Добавить в цитаты Настройки чтения

Страница 80 из 94

Мы не потеряли сеть, а выловили двух превосходных палтусов, одного морского угря, камбалу и урожай живого серебра из корюшек и сардин.

И над бурными пустыми волнами, если не считать двух паровых угольщиков и шхуны у причала, неслись голоса.

— Я хотел бы!

— О! Моя крошка Долли!

Высоко в небе со зловещими криками летели кроншнепы, чайка острым белым клювом долбила остаток падали в провале между волнами, потом пронзительно закричала и улетела.
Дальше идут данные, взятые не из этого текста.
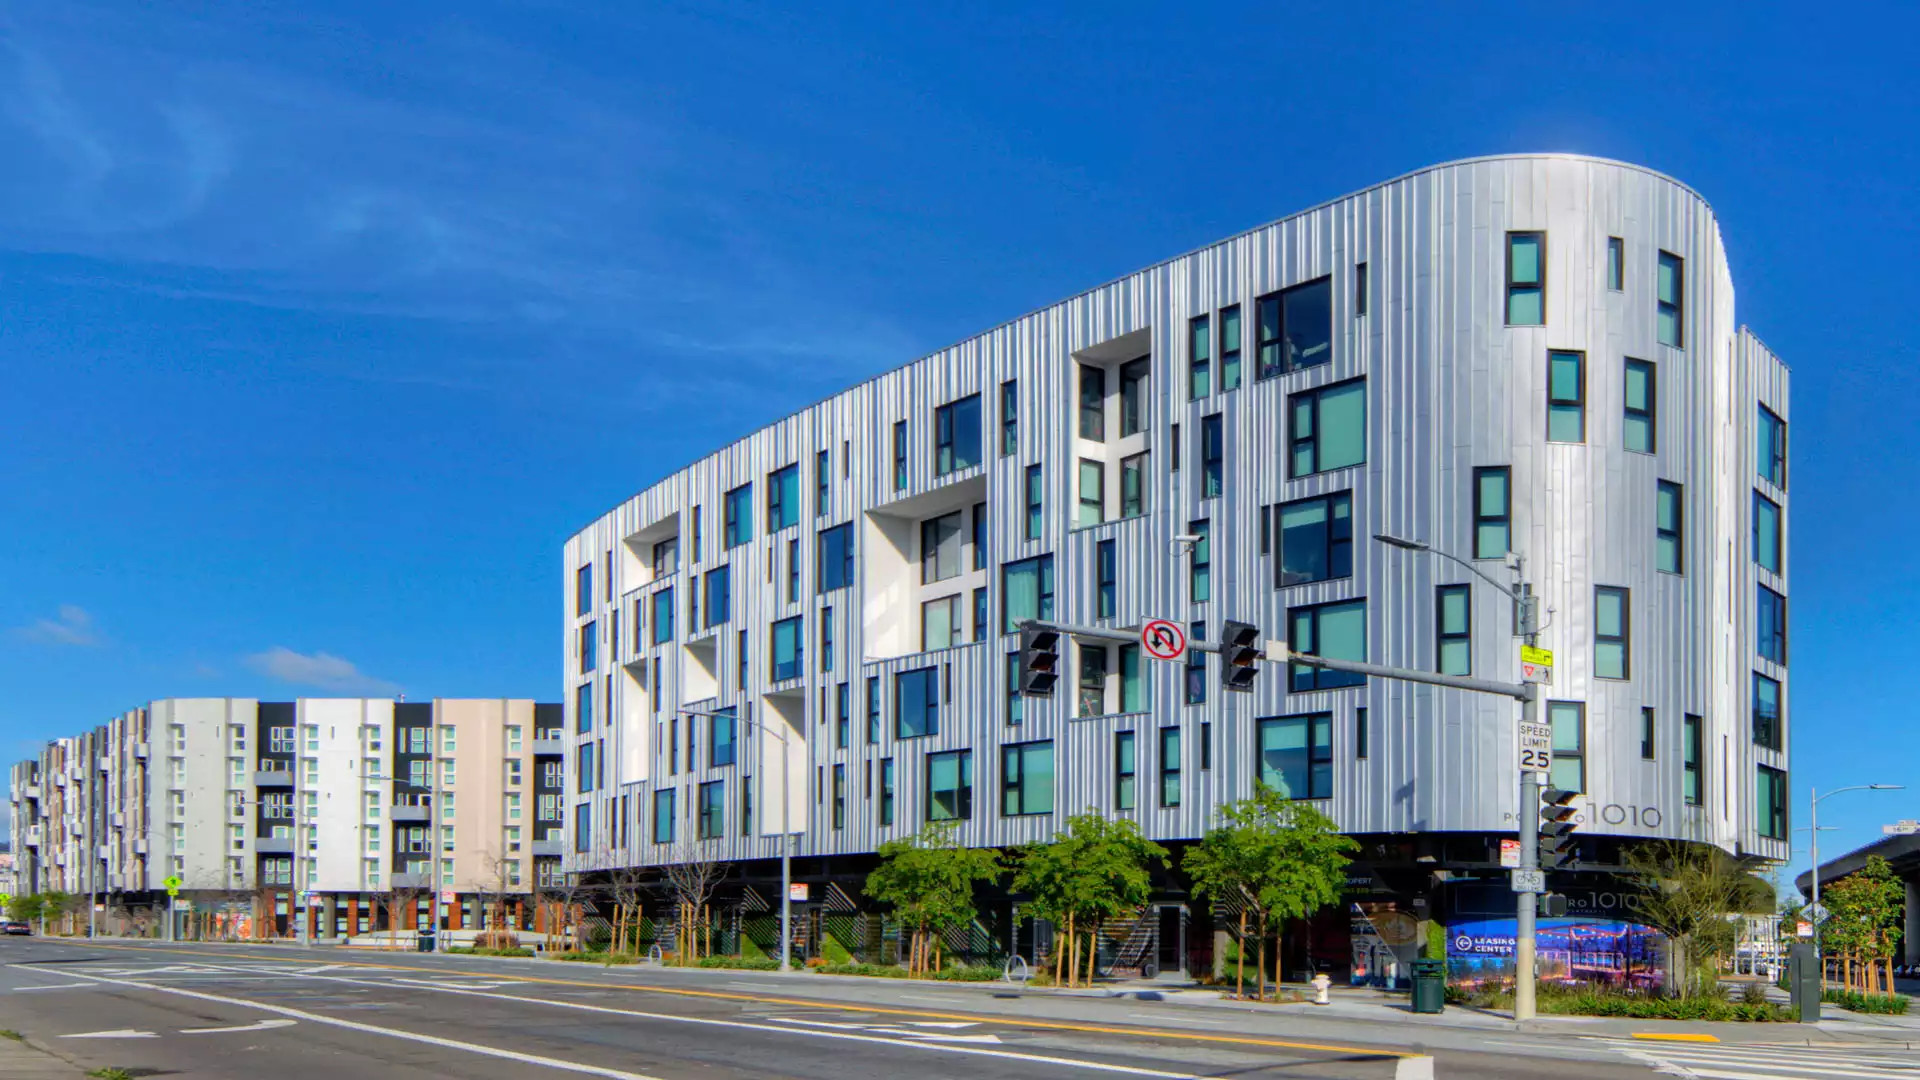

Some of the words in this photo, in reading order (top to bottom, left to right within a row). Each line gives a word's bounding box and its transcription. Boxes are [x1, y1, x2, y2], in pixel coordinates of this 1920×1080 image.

Ветер выл и лаял, в глубине лодки в агонии бились рыбы… слышался призыв человеческого ужаса, ревели сирены, болтали говорящие буи, жалуясь на рев бушующего прилива… а рядом с нами невидимки распевали жалкие припевы ночных загулов в Камберуэлле и Патни-Коммонс…

Матрос, заметив мой безысходный ужас, засмеялся, тряхнул головой, спокойно перекинул жвачку с одной щеки на другую и, указав на худосочную шхуну и двух угольщиков, сказал:

— Это ветер!..

Через невероятный рев и раскаты грома ветер, многоликий ветер пытался донести жалкие человеческие голоса, распевавшие песни, словно в кафе-шантане.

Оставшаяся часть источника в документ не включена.